New perky breasts at 46

New perky breasts at 46

SINGAPORE - When housewife Grace Lam, 46, first decided to remove her breasts, she did not want to reconstruct them.

Her husband's immediate reaction was: "Are you thinking clearly?"

Mr Peter Yean, 50, an IT consultant, says: "I was surprised but not that surprised as I was sure that Grace was worried about the cost."

After he worked out the sums, they jointly chose implants over the other method of remodelling with the patient's tummy fat.

They declined to reveal costs for the surgery done in December at Mount Alvernia Hospital.

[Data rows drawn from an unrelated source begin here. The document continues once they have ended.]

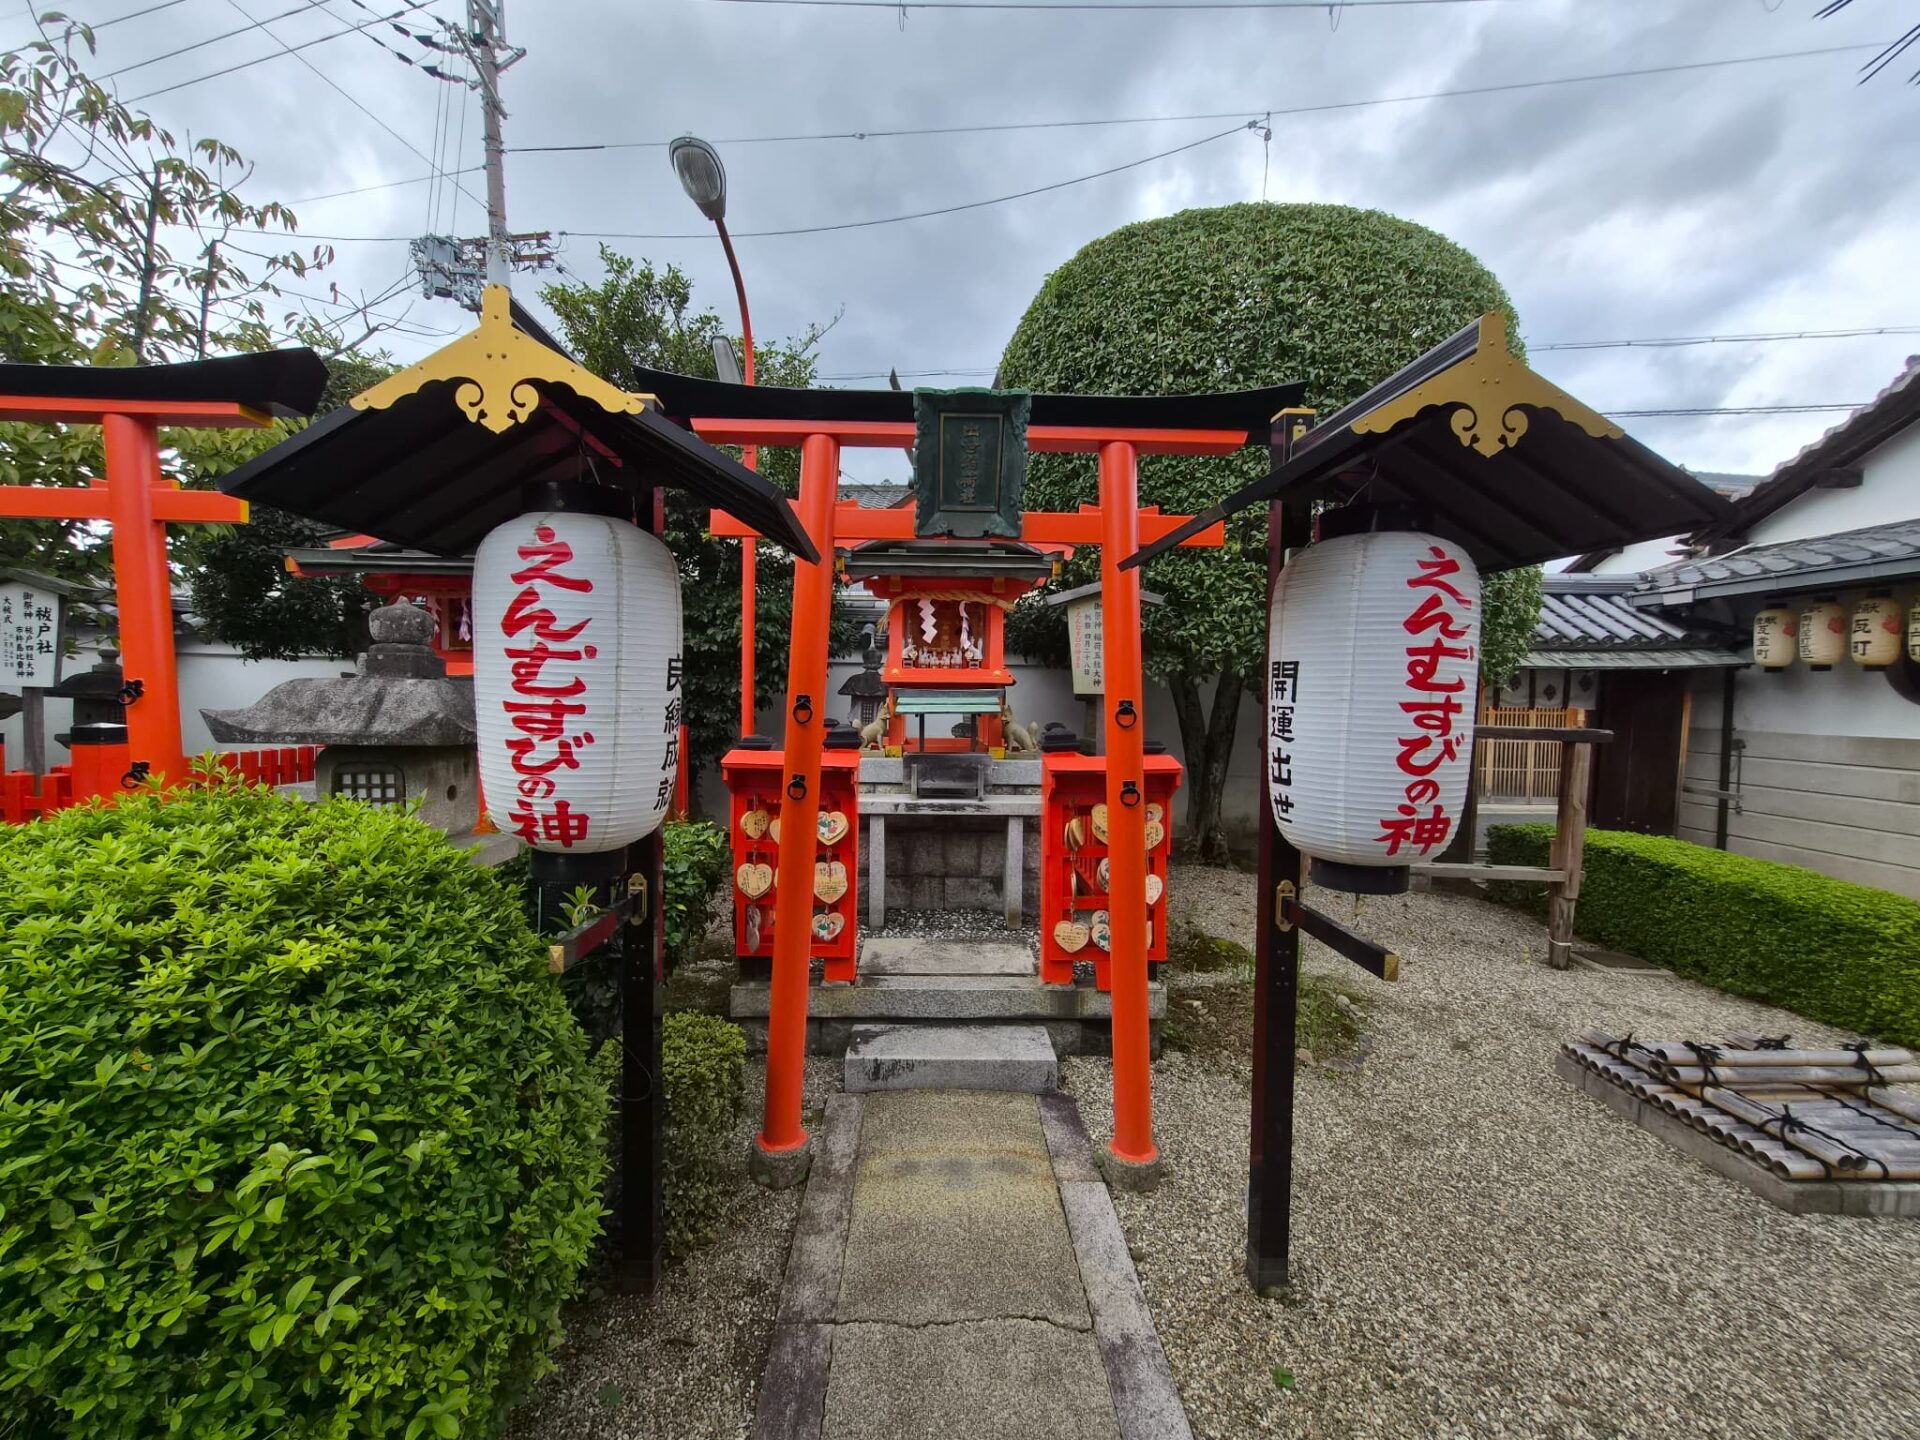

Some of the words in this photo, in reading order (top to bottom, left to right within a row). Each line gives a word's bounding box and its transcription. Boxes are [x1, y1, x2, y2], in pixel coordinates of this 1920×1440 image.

[35, 606, 54, 654] 祓戸社
[500, 526, 598, 849] えんむすびの神
[1270, 660, 1300, 823] 開運出世
[1372, 546, 1474, 857] えんむすびの神
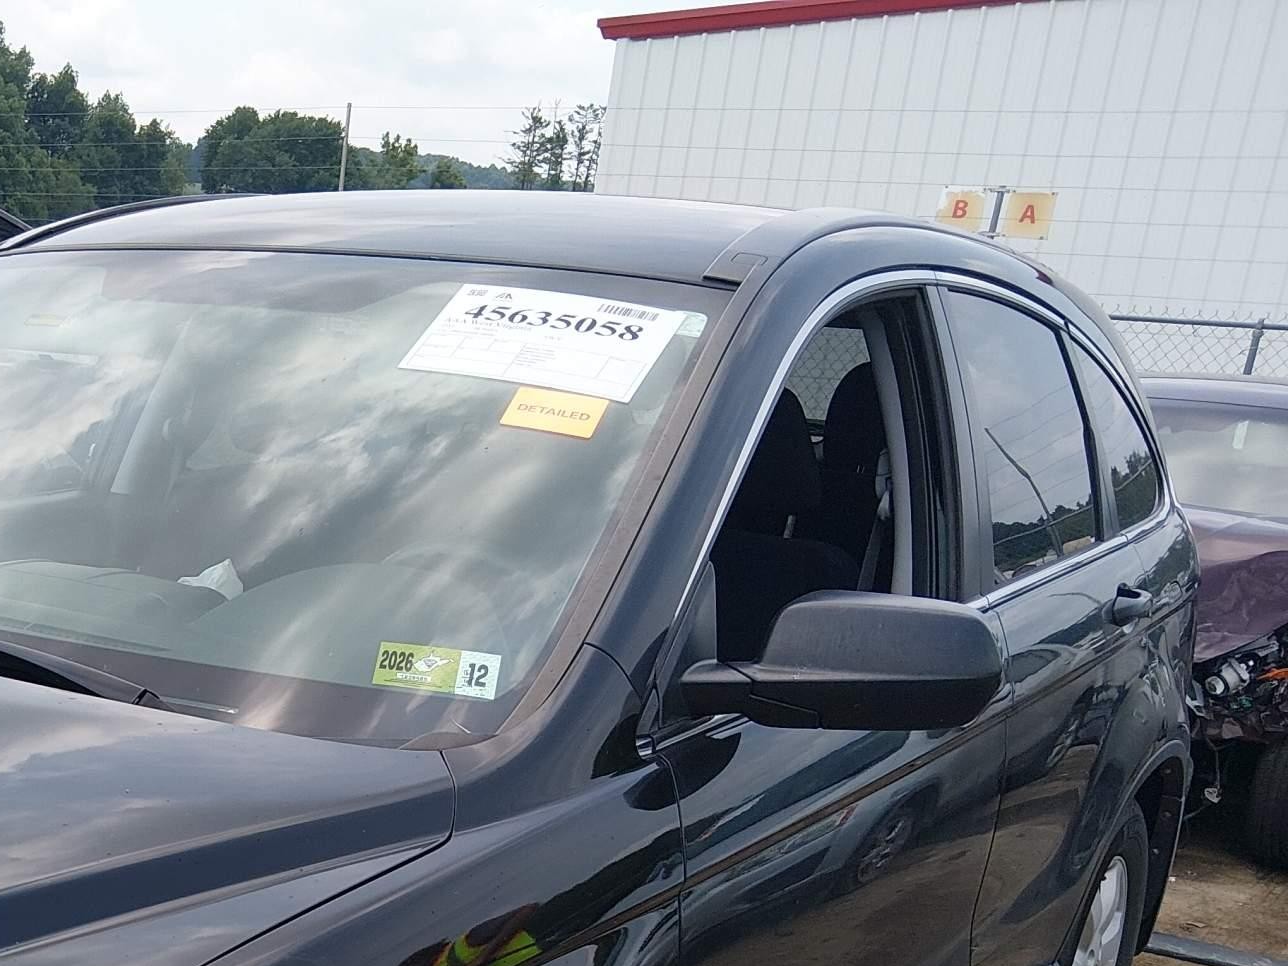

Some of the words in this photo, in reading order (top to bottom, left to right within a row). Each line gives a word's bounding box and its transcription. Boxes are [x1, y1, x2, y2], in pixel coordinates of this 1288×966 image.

Says Mr Yean: "Grace is still in her prime and just as I wouldn't like to look at myself with boobs, I'm sure my wife wouldn't like looking at herself flat-chested."

The couple, who have a six-year-old daughter, Naomi, went with implants because the method is "less drastic and invasive" compared to the operation to "tunnel" up tummy fat to the breast, says Mr Yean, who had a say in choosing his wife's reconstructed breasts' size and shape.

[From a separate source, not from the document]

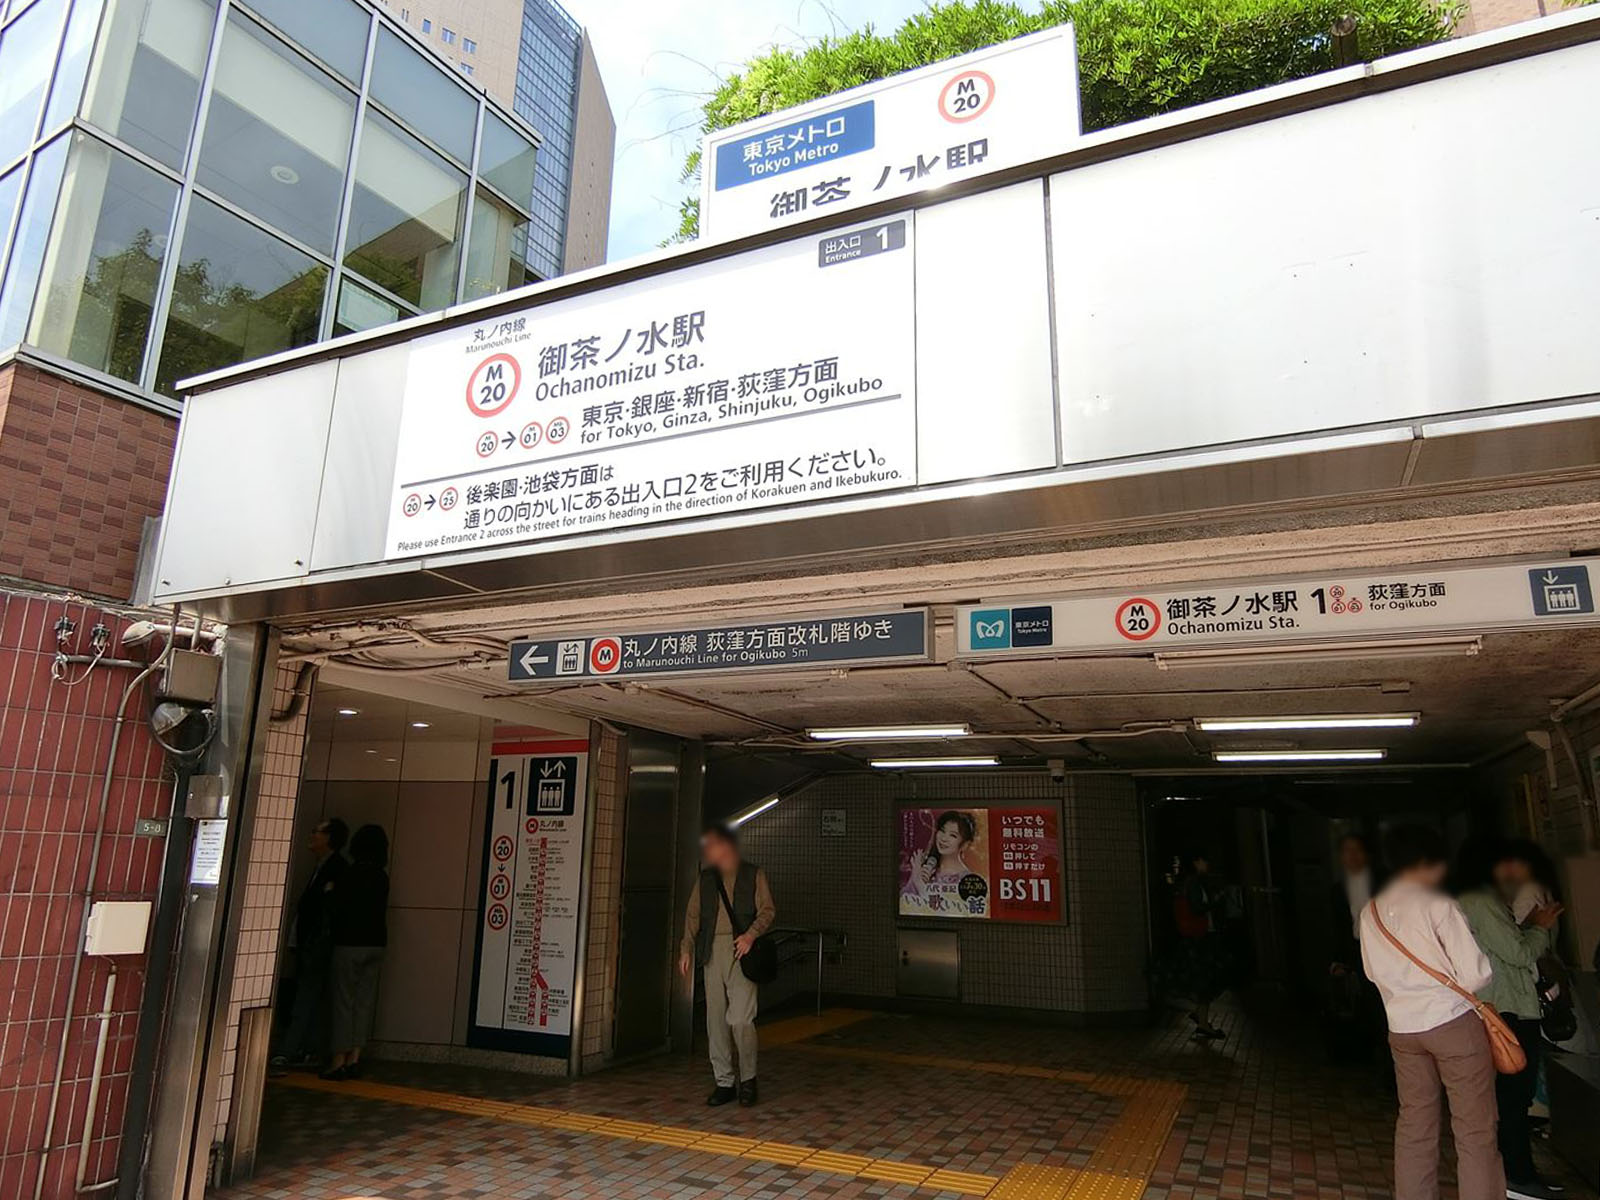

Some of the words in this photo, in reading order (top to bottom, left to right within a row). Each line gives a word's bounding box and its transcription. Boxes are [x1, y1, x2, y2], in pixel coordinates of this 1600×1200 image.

Five years ago, Ms Lam had a cancerous cyst excised from her right breast. In August last year, biopsies revealed two new cancer spots in the same breast. The recurrence spooked her.

She says: "I thought I had already done my part - lived healthy - yet this happened again.

"So I thought I should remove both sides and do away with the anxiety altogether.

"What's the point of removing only the affected side when there's a risk the other side might be affected as well?"

Looking back, she says it was wise not to chance being "depressed each morning when I wake up and see myself in the mirror, flat".

Her reconstructed breasts are 34B, slightly smaller than her original 34C - radiotherapy earlier had made her skin fragile and she had to have smaller implants.

She says: "I'm happy I had both done. At 46, to have new, perky boobs, why not?"